[Dataset items]
* * *

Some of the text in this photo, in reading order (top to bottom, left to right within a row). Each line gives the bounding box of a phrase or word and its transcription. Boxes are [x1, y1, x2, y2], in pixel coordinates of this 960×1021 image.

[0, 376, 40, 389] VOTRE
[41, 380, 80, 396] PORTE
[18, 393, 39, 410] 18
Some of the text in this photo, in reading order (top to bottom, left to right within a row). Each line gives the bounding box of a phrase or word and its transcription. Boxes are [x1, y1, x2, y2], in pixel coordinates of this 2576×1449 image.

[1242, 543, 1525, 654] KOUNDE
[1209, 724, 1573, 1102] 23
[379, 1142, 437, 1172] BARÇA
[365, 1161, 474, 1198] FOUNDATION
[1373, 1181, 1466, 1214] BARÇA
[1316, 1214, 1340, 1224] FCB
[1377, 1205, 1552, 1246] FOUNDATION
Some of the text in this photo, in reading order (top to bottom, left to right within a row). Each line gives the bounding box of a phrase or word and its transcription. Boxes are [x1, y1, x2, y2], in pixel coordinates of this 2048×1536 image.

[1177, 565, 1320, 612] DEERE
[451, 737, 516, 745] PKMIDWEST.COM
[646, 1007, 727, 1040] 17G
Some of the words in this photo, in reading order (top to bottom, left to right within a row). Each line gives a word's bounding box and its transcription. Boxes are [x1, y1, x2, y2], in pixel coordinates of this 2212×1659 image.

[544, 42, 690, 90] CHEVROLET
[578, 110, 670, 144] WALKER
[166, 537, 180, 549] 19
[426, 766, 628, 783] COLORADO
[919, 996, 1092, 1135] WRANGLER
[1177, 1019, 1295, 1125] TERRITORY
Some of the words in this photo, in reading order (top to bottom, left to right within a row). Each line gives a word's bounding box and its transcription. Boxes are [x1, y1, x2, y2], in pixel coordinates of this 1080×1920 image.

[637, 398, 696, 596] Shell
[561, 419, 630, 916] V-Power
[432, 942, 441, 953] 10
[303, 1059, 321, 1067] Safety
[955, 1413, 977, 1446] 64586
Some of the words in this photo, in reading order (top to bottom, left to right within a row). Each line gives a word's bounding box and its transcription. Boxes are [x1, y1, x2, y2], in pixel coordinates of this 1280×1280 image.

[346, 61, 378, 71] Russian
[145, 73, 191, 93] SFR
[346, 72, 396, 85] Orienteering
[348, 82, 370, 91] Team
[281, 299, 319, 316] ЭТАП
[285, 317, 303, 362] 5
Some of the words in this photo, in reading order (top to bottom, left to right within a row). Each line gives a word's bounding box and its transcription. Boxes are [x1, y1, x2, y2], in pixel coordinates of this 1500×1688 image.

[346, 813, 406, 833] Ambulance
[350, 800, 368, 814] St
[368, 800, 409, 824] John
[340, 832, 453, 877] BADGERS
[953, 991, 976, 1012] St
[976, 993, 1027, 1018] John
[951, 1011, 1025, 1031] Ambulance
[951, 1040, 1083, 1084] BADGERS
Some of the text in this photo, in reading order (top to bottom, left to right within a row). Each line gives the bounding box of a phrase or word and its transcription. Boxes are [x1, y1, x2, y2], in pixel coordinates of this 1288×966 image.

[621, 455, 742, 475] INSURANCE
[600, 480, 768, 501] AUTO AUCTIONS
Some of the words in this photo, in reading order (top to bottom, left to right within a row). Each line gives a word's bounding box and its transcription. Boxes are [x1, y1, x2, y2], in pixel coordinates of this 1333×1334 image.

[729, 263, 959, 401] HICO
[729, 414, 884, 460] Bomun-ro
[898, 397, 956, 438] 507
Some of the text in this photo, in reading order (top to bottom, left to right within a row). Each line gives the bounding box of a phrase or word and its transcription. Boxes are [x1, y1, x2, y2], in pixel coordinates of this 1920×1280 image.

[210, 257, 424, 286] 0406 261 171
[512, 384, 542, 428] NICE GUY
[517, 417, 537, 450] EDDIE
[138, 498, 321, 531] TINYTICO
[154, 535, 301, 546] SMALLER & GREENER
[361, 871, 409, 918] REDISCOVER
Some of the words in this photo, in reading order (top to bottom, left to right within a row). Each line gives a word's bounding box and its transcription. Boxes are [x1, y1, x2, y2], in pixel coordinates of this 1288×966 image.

* * *

— EXERCISE AIM —
Output each entry precisely as given.

— RESPONSE TO THIS EXERCISE —
Some of the text in this photo, in reading order (top to bottom, left to right within a row). Each line gives the bounding box of a phrase or word and its transcription. Boxes are [x1, y1, x2, y2], in pixel coordinates of this 960×1021 image.

[0, 376, 40, 389] VOTRE
[41, 380, 80, 396] PORTE
[18, 393, 39, 410] 18
Some of the text in this photo, in reading order (top to bottom, left to right within a row). Each line gives the bounding box of a phrase or word and its transcription. Boxes are [x1, y1, x2, y2], in pixel coordinates of this 2576×1449 image.

[1242, 543, 1525, 654] KOUNDE
[1209, 724, 1573, 1102] 23
[379, 1142, 437, 1172] BARÇA
[365, 1161, 474, 1198] FOUNDATION
[1373, 1181, 1466, 1214] BARÇA
[1316, 1214, 1340, 1224] FCB
[1377, 1205, 1552, 1246] FOUNDATION
Some of the text in this photo, in reading order (top to bottom, left to right within a row). Each line gives the bounding box of a phrase or word and its transcription. Boxes are [x1, y1, x2, y2], in pixel coordinates of this 2048×1536 image.

[1177, 565, 1320, 612] DEERE
[451, 737, 516, 745] PKMIDWEST.COM
[646, 1007, 727, 1040] 17G
Some of the words in this photo, in reading order (top to bottom, left to right within a row). Each line gives a word's bounding box and its transcription. Boxes are [x1, y1, x2, y2], in pixel coordinates of this 2212×1659 image.

[544, 42, 690, 90] CHEVROLET
[578, 110, 670, 144] WALKER
[166, 537, 180, 549] 19
[426, 766, 628, 783] COLORADO
[919, 996, 1092, 1135] WRANGLER
[1177, 1019, 1295, 1125] TERRITORY
Some of the words in this photo, in reading order (top to bottom, left to right within a row). Each line gives a word's bounding box and its transcription. Boxes are [x1, y1, x2, y2], in pixel coordinates of this 1080×1920 image.

[637, 398, 696, 596] Shell
[561, 419, 630, 916] V-Power
[432, 942, 441, 953] 10
[303, 1059, 321, 1067] Safety
[955, 1413, 977, 1446] 64586
Some of the words in this photo, in reading order (top to bottom, left to right within a row). Each line gives a word's bounding box and its transcription. Boxes are [x1, y1, x2, y2], in pixel coordinates of this 1280×1280 image.

[346, 61, 378, 71] Russian
[145, 73, 191, 93] SFR
[346, 72, 396, 85] Orienteering
[348, 82, 370, 91] Team
[281, 299, 319, 316] ЭТАП
[285, 317, 303, 362] 5
Some of the words in this photo, in reading order (top to bottom, left to right within a row). Each line gives a word's bounding box and its transcription. Boxes are [x1, y1, x2, y2], in pixel coordinates of this 1500×1688 image.

[346, 813, 406, 833] Ambulance
[350, 800, 368, 814] St
[368, 800, 409, 824] John
[340, 832, 453, 877] BADGERS
[953, 991, 976, 1012] St
[976, 993, 1027, 1018] John
[951, 1011, 1025, 1031] Ambulance
[951, 1040, 1083, 1084] BADGERS
Some of the text in this photo, in reading order (top to bottom, left to right within a row). Each line gives the bounding box of a phrase or word and its transcription. Boxes are [x1, y1, x2, y2], in pixel coordinates of this 1288×966 image.

[621, 455, 742, 475] INSURANCE
[600, 480, 768, 501] AUTO AUCTIONS
Some of the words in this photo, in reading order (top to bottom, left to right within a row). Each line gives a word's bounding box and its transcription. Boxes are [x1, y1, x2, y2], in pixel coordinates of this 1333×1334 image.

[729, 263, 959, 401] HICO
[729, 414, 884, 460] Bomun-ro
[898, 397, 956, 438] 507
Some of the text in this photo, in reading order (top to bottom, left to right within a row). Each line gives the bounding box of a phrase or word and its transcription. Boxes are [x1, y1, x2, y2], in pixel coordinates of this 1920×1280 image.

[210, 257, 424, 286] 0406 261 171
[512, 384, 542, 428] NICE GUY
[517, 417, 537, 450] EDDIE
[138, 498, 321, 531] TINYTICO
[154, 535, 301, 546] SMALLER & GREENER
[361, 871, 409, 918] REDISCOVER
Some of the words in this photo, in reading order (top to bottom, left to right within a row). Each line gives a word's bounding box and its transcription. Boxes are [x1, y1, x2, y2], in pixel coordinates of this 1288×966 image.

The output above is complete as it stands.